■ **WORK REQUEST**:
Please print each entry below exactly as it stands, but without any pictures.

■ **DATASET CONTENT**:
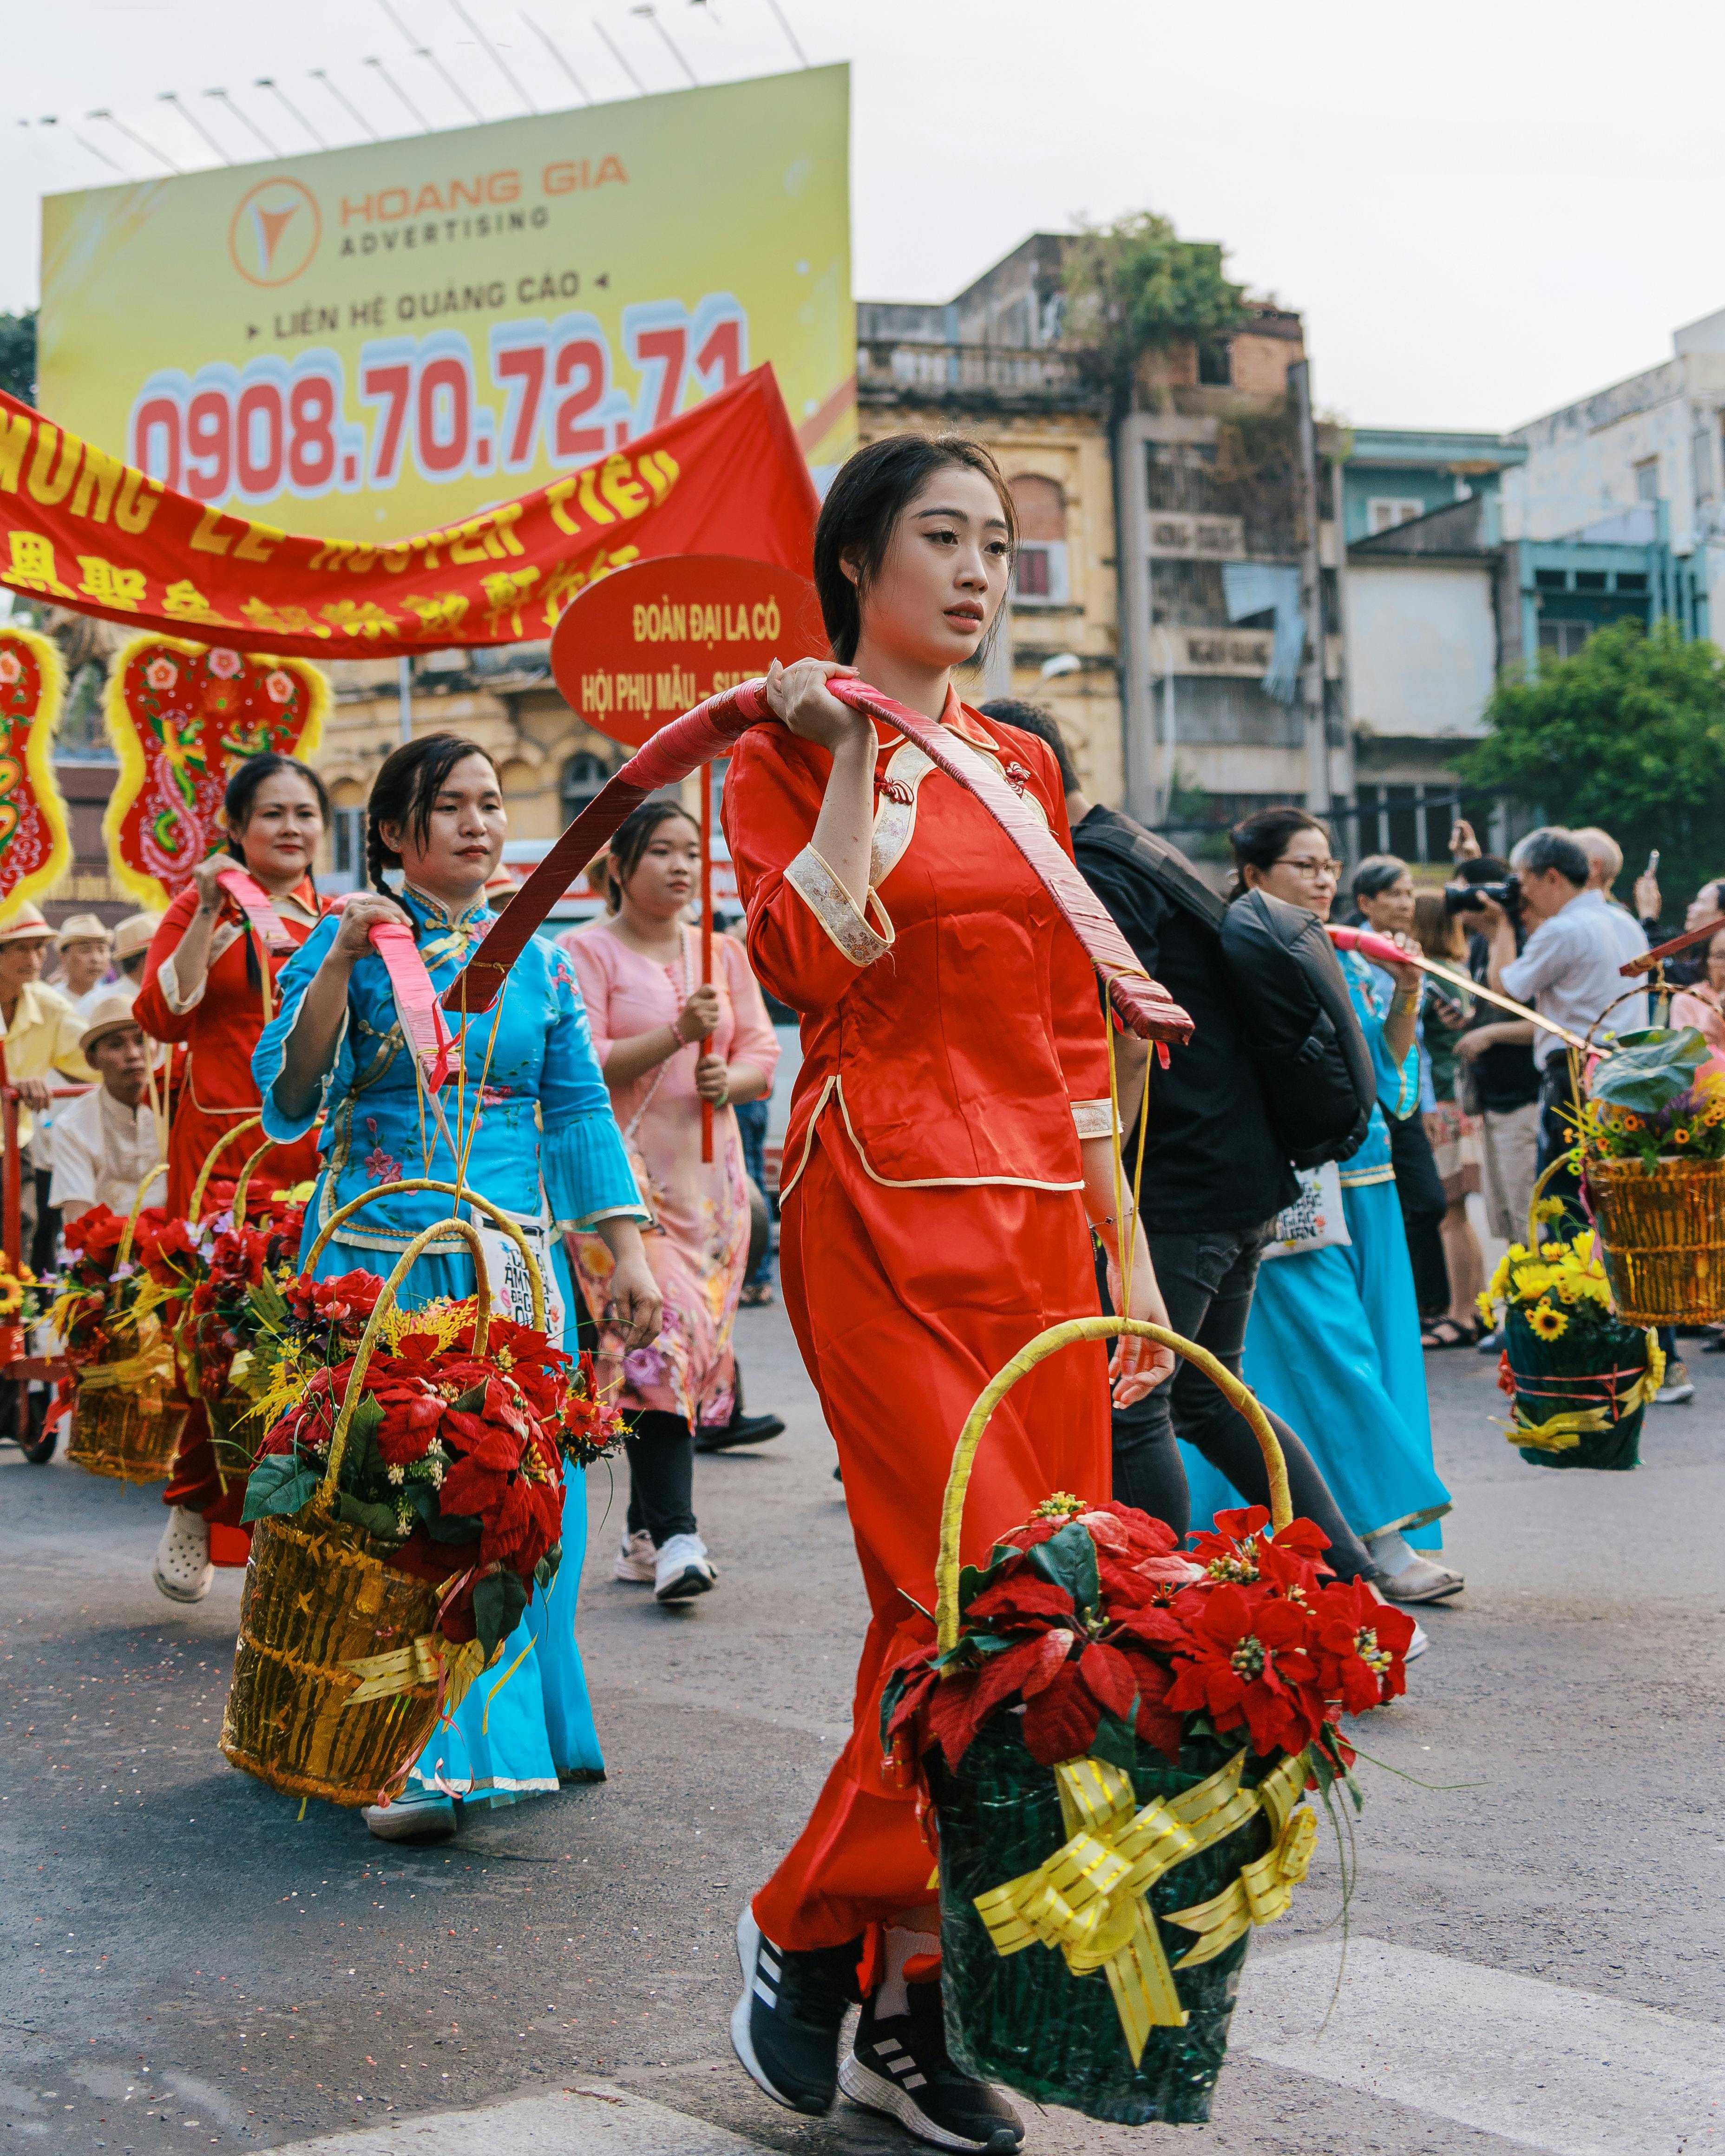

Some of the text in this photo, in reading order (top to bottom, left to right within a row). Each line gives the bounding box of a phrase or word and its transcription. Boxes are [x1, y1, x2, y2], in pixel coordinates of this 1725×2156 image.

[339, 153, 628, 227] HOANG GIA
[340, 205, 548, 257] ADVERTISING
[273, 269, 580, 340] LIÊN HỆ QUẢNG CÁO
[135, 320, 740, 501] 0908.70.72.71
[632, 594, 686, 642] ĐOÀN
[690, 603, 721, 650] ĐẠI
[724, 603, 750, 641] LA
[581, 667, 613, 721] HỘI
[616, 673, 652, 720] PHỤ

■ **RESPONSE TO THIS TASK**:
Some of the text in this photo, in reading order (top to bottom, left to right within a row). Each line gives the bounding box of a phrase or word and its transcription. Boxes are [x1, y1, x2, y2], in pixel coordinates of this 1725×2156 image.

[339, 153, 628, 227] HOANG GIA
[340, 205, 548, 257] ADVERTISING
[273, 269, 580, 340] LIÊN HỆ QUẢNG CÁO
[135, 320, 740, 501] 0908.70.72.71
[632, 594, 686, 642] ĐOÀN
[690, 603, 721, 650] ĐẠI
[724, 603, 750, 641] LA
[581, 667, 613, 721] HỘI
[616, 673, 652, 720] PHỤ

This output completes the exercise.